Nonché indizio di benevolenza e riguardo, questa raffigurazione di M. perpetua quindi, con potente efficacia artistica, un atteggiamento quanto altro mai negativo nei riguardi del fondatore dell'Islàm e della sua fede: la quale può dirsi qui addirittura ignorata, non apparendo traccia della sua funzione e importanza mondiale nella presentazione del personaggio e nell'unico interesse da lui qui manifestato, per un oscuro piccolo collega in eresia, il novarese fra Dolcino (v.). Non poteva darsi più sprezzante offesa e misconoscimento nel citare Dolcino insieme con lo storico fondatore dell'Islàm.

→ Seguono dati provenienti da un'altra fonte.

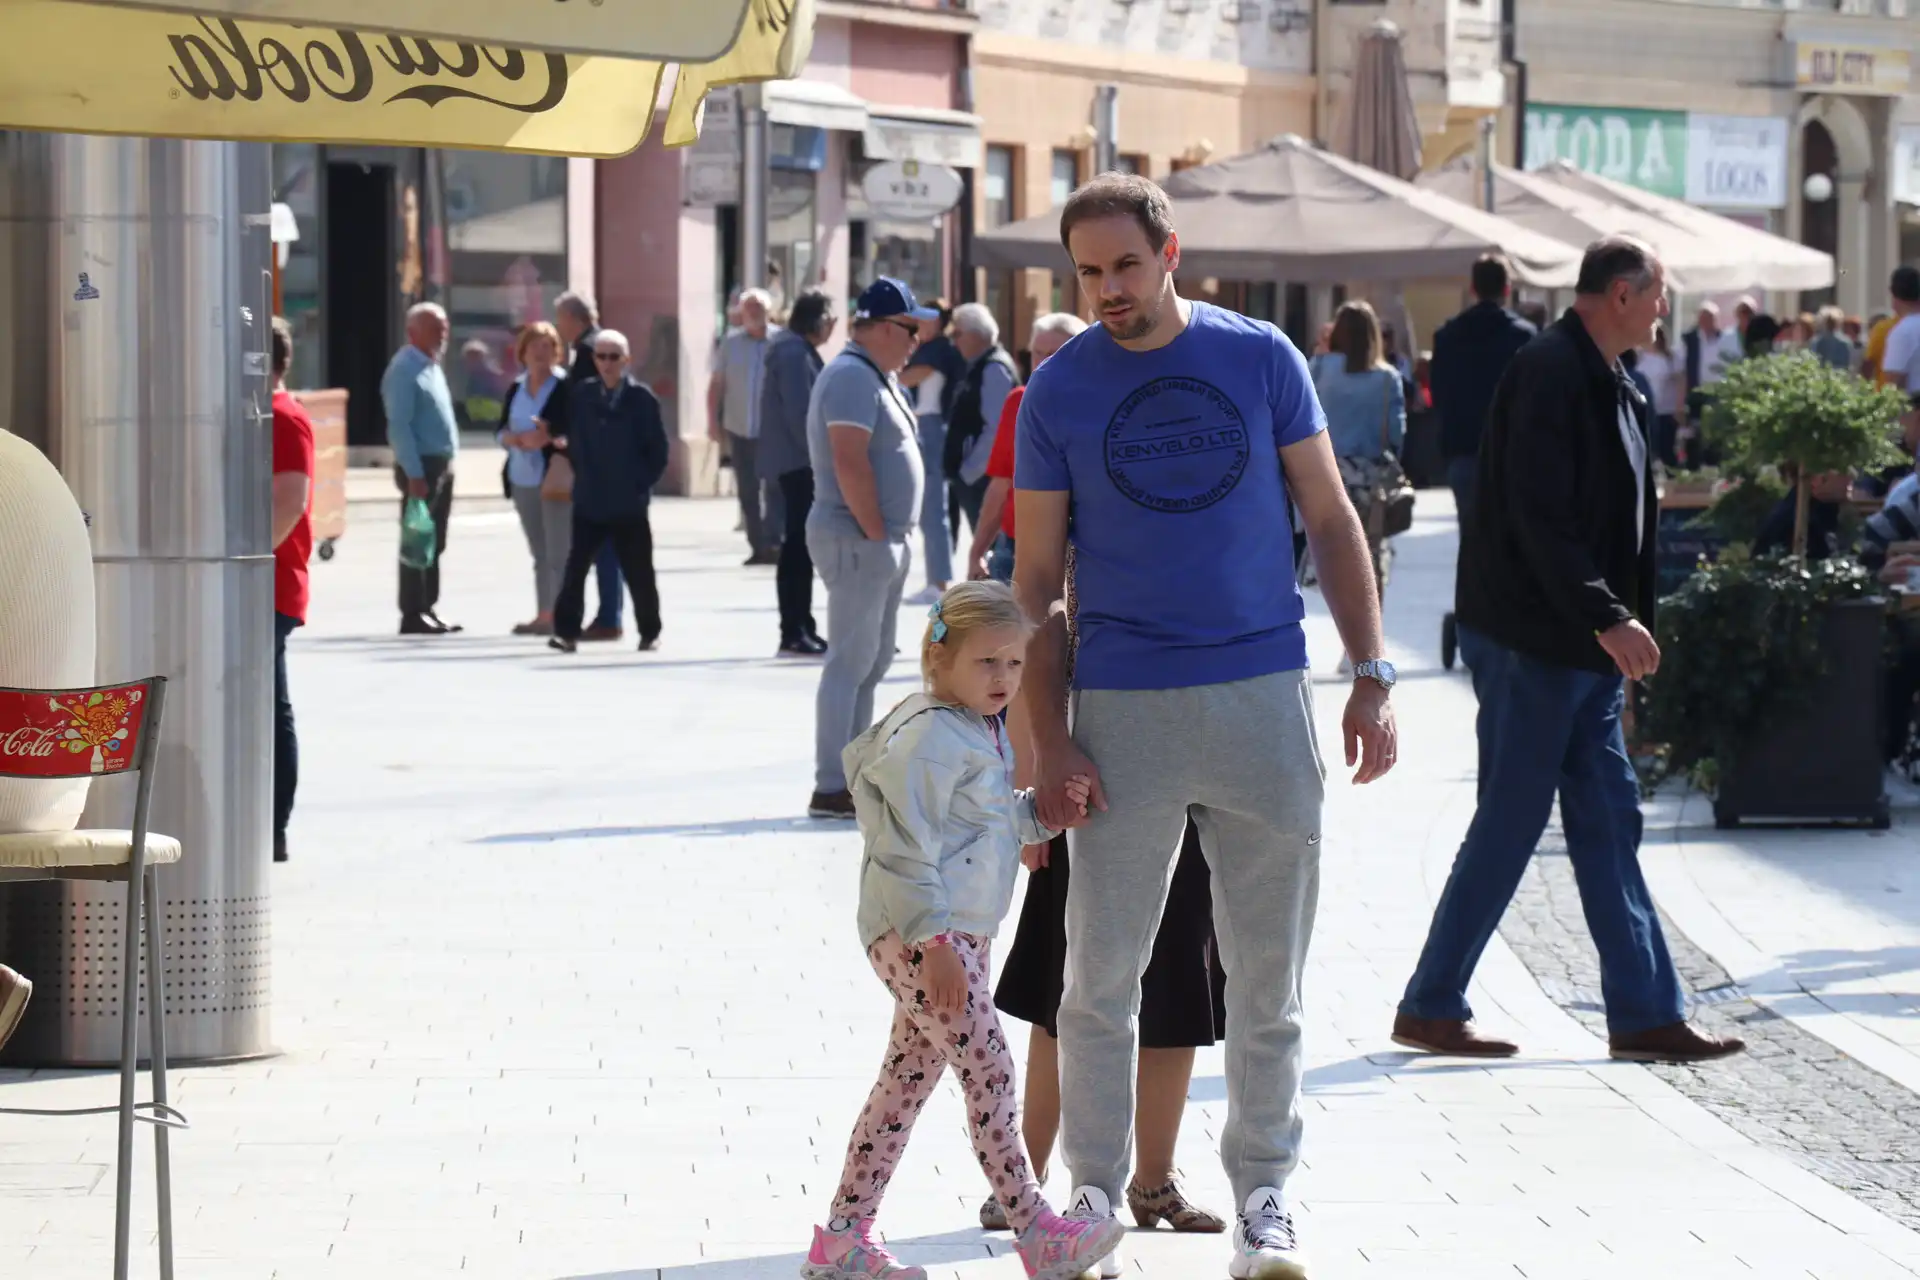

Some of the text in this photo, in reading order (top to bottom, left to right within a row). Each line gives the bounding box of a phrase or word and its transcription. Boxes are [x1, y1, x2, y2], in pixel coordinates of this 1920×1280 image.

[1841, 51, 1876, 84] CITY
[1524, 110, 1672, 184] MODA
[1163, 381, 1206, 397] URBAN
[1207, 391, 1239, 421] SPORT
[1111, 429, 1244, 460] KENVELO LTD
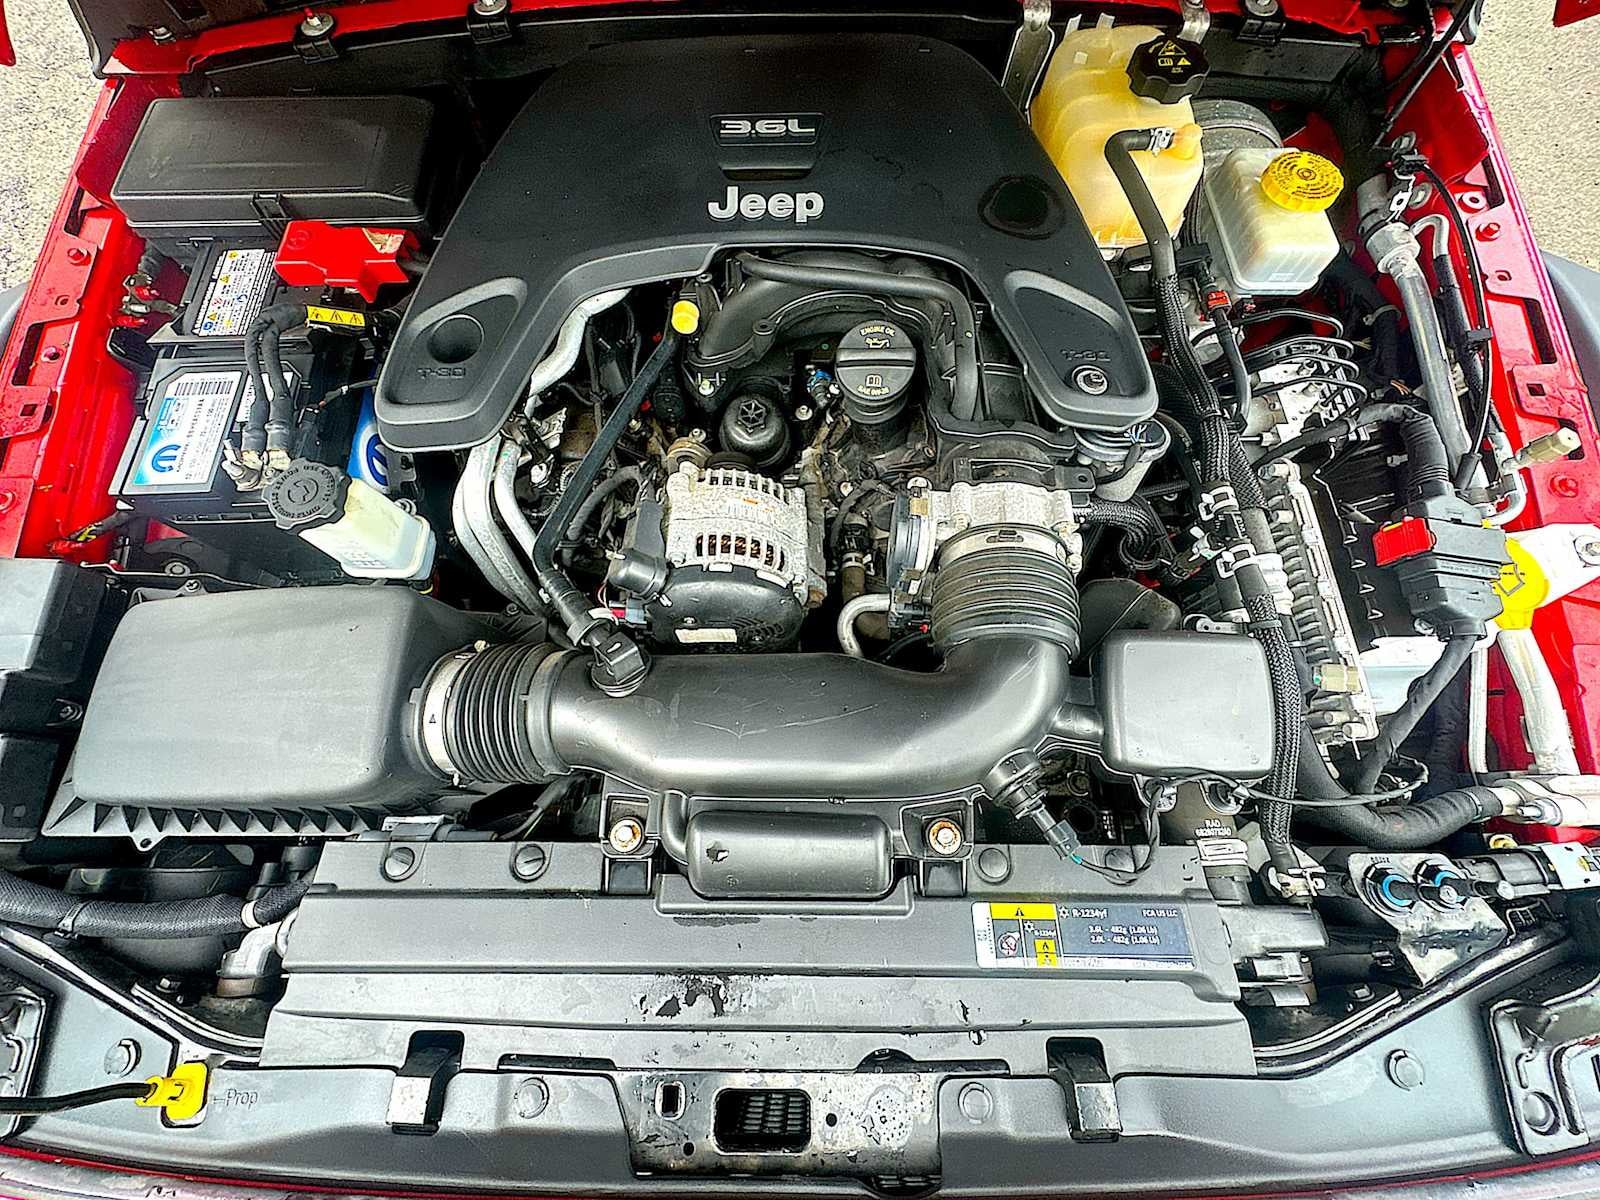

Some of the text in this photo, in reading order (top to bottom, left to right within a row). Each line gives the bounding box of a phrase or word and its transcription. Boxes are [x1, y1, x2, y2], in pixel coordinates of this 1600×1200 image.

[720, 119, 815, 137] 3.6L
[707, 185, 824, 225] Jeep
[860, 326, 896, 337] ENGINE OIL
[1205, 819, 1221, 828] RAD
[1072, 908, 1107, 919] R-1234yf
[1142, 909, 1178, 917] FCA US LLC
[226, 1088, 258, 1110] Prop

E l'Islàm moderno, dacché ha conosciuto l'esistenza di D. e della Commedia, ha accusato il colpo: il canto XXVIII dell'Inferno o è espunto e mutilato in versioni arabe del poema (come nell'ultima di Hasan Osmàn), o ha condotto al sequestro e divieto del libro in ambiente musulmano, com'è stato nel Pakistan.

Bibl. - A. D'Ancona, La leggenda di Maometto in Occidente, in Studi di critica e storia letteraria, II, Bologna 1912, 167-306; M. Asín Palacios, La escatologia musulmana en la " Divina Comedia ", Madrid 1910, 328 ss.; G. Gabrieli, D. e l'Oriente, Bologna 1921, 49-52, 103-104; F. Gabrieli, Letture e divagazioni dantesche, Bari 1965, 20-22.